Images for object localization
- Opening Delimiter -
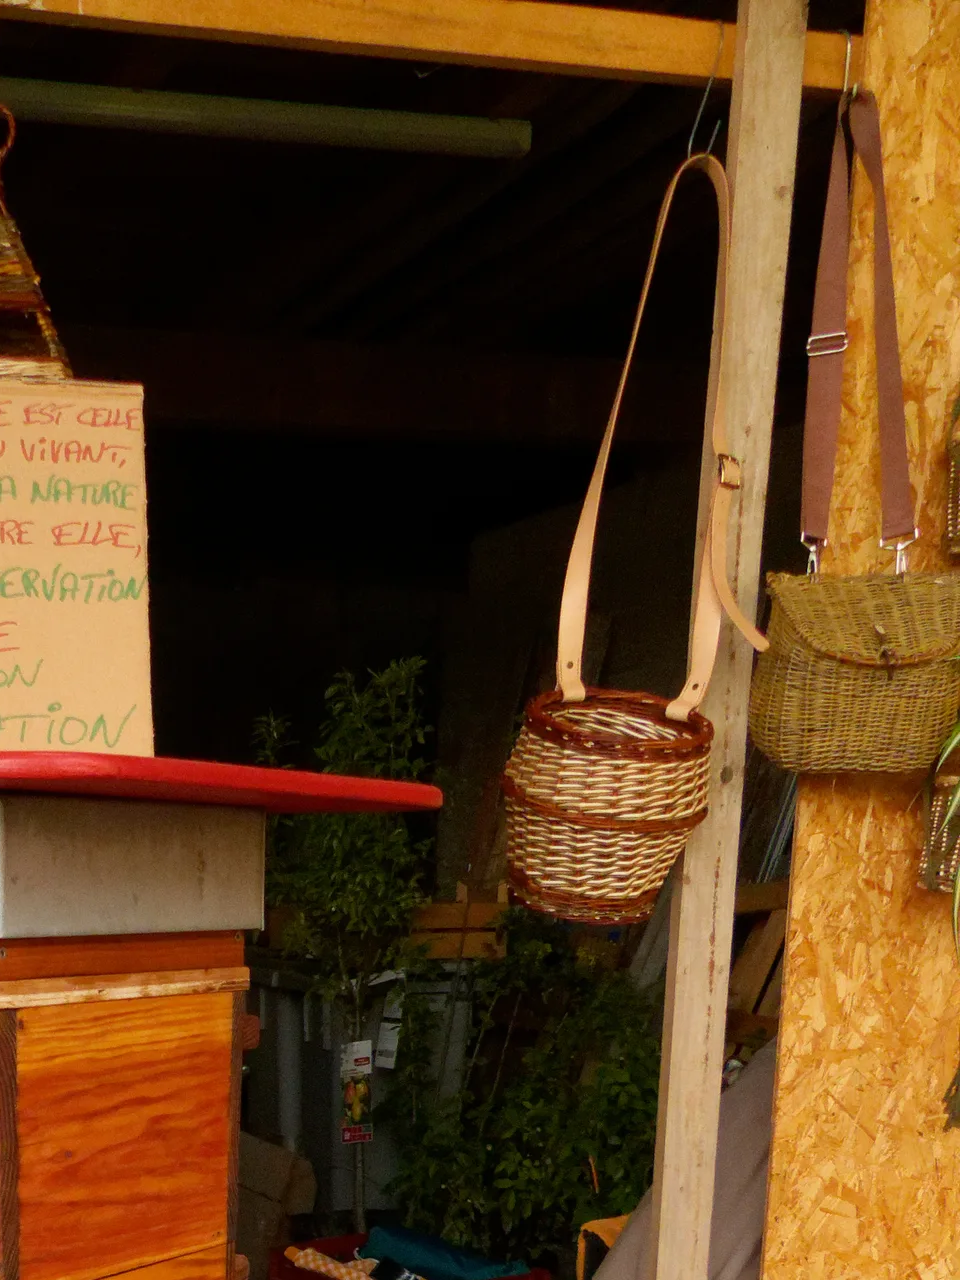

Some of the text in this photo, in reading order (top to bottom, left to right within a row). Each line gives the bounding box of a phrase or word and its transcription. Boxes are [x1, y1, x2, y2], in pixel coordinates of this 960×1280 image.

[23, 402, 77, 426] EST
[76, 407, 142, 432] CELLE
[29, 473, 140, 511] NATURE
[51, 520, 142, 559] ELLE,
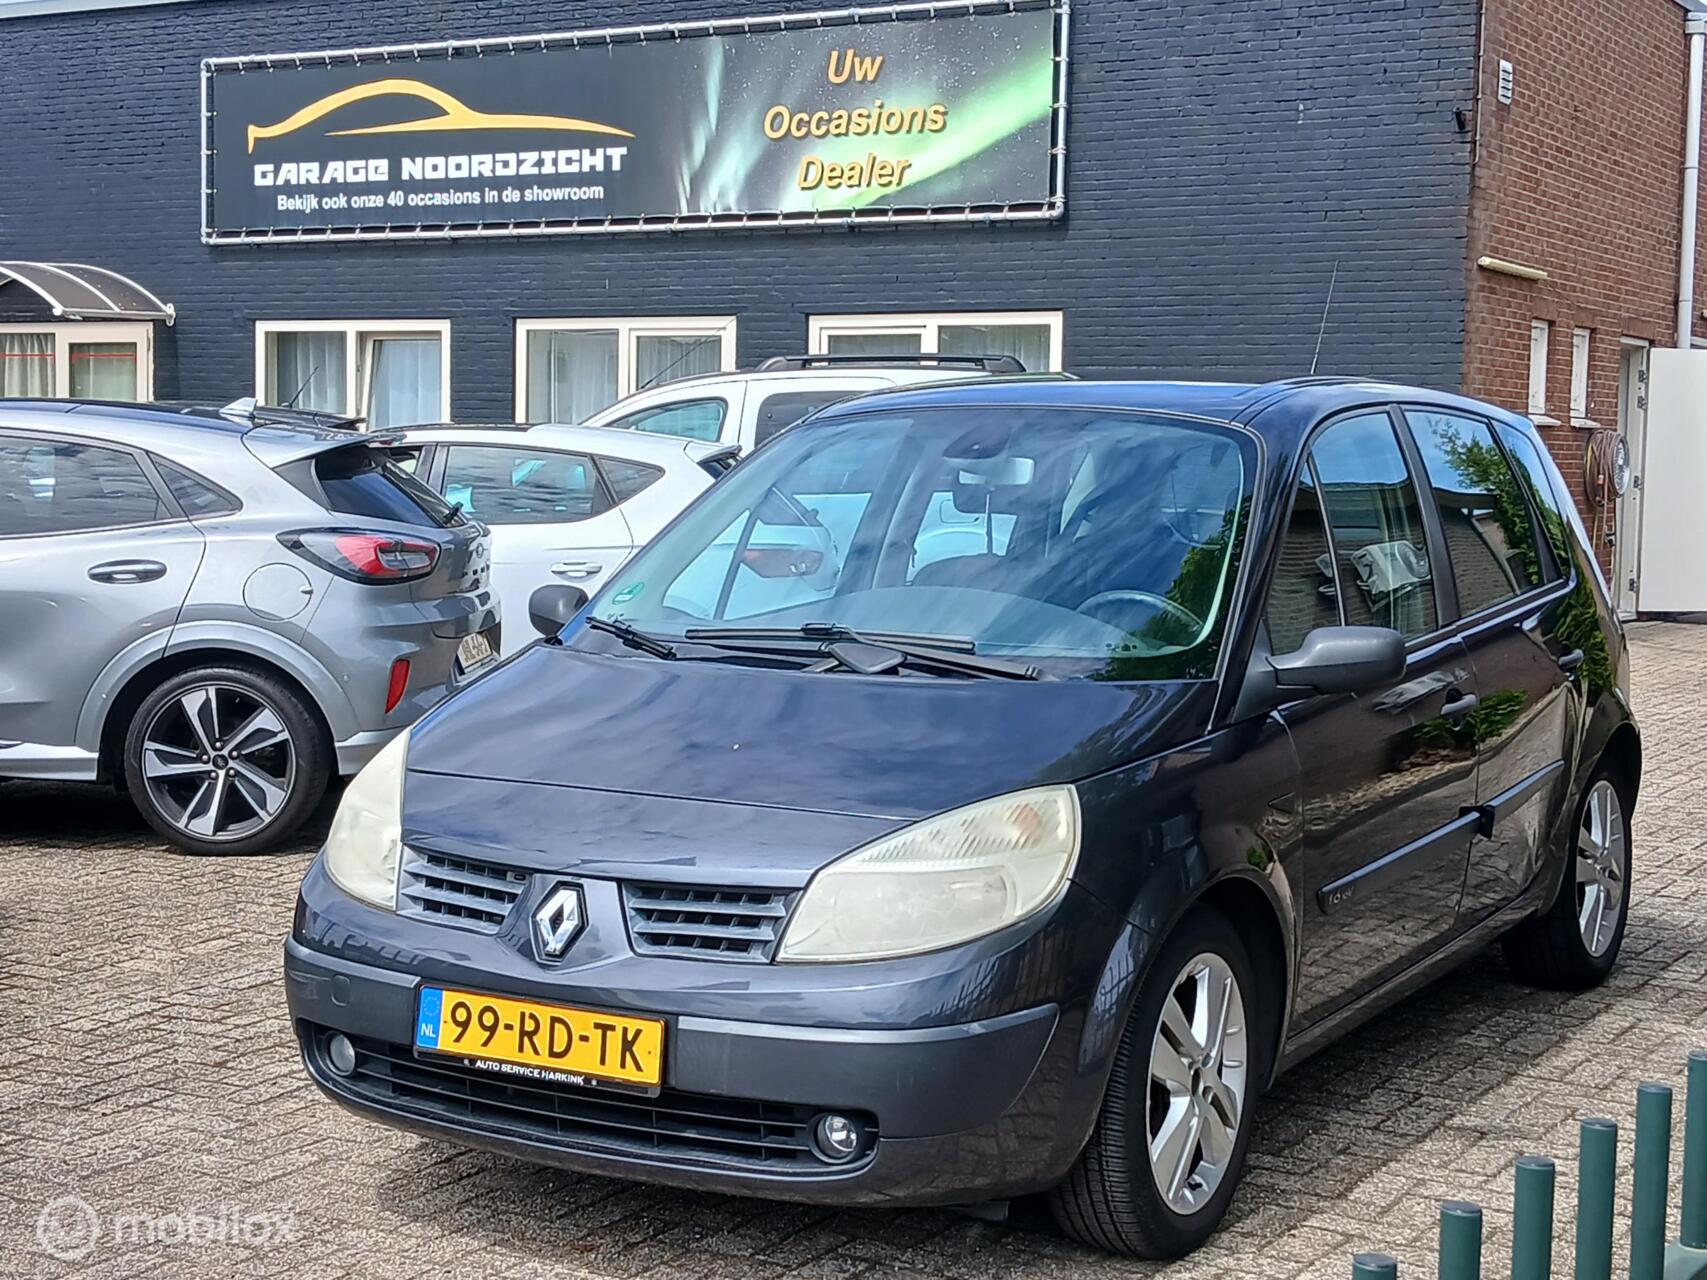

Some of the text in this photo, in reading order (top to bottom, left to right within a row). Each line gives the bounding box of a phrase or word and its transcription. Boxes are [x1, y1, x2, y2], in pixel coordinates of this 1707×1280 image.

[827, 49, 883, 84] Uw
[763, 99, 947, 140] Occasions
[254, 147, 628, 186] GARAGE NOORDZICHT
[798, 152, 911, 190] Dealer
[277, 184, 605, 213] Bekijk ook onze 40 occasions in de showroom
[420, 1023, 437, 1038] NL
[450, 1000, 645, 1073] 99-RD-TK
[475, 1059, 586, 1085] AUTO SERVICE HARKINK
- Closing Delimiter -
__Directions__.
Pictures do not belong in the copy. Output all of the records exactly.

__Your solution__.
Some of the text in this photo, in reading order (top to bottom, left to right within a row). Each line gives the bounding box of a phrase or word and its transcription. Boxes are [x1, y1, x2, y2], in pixel coordinates of this 960×1280 image.

[23, 402, 77, 426] EST
[76, 407, 142, 432] CELLE
[29, 473, 140, 511] NATURE
[51, 520, 142, 559] ELLE,

Some of the text in this photo, in reading order (top to bottom, left to right within a row). Each line gives the bounding box of a phrase or word and its transcription. Boxes are [x1, y1, x2, y2], in pixel coordinates of this 1707×1280 image.

[827, 49, 883, 84] Uw
[763, 99, 947, 140] Occasions
[254, 147, 628, 186] GARAGE NOORDZICHT
[798, 152, 911, 190] Dealer
[277, 184, 605, 213] Bekijk ook onze 40 occasions in de showroom
[420, 1023, 437, 1038] NL
[450, 1000, 645, 1073] 99-RD-TK
[475, 1059, 586, 1085] AUTO SERVICE HARKINK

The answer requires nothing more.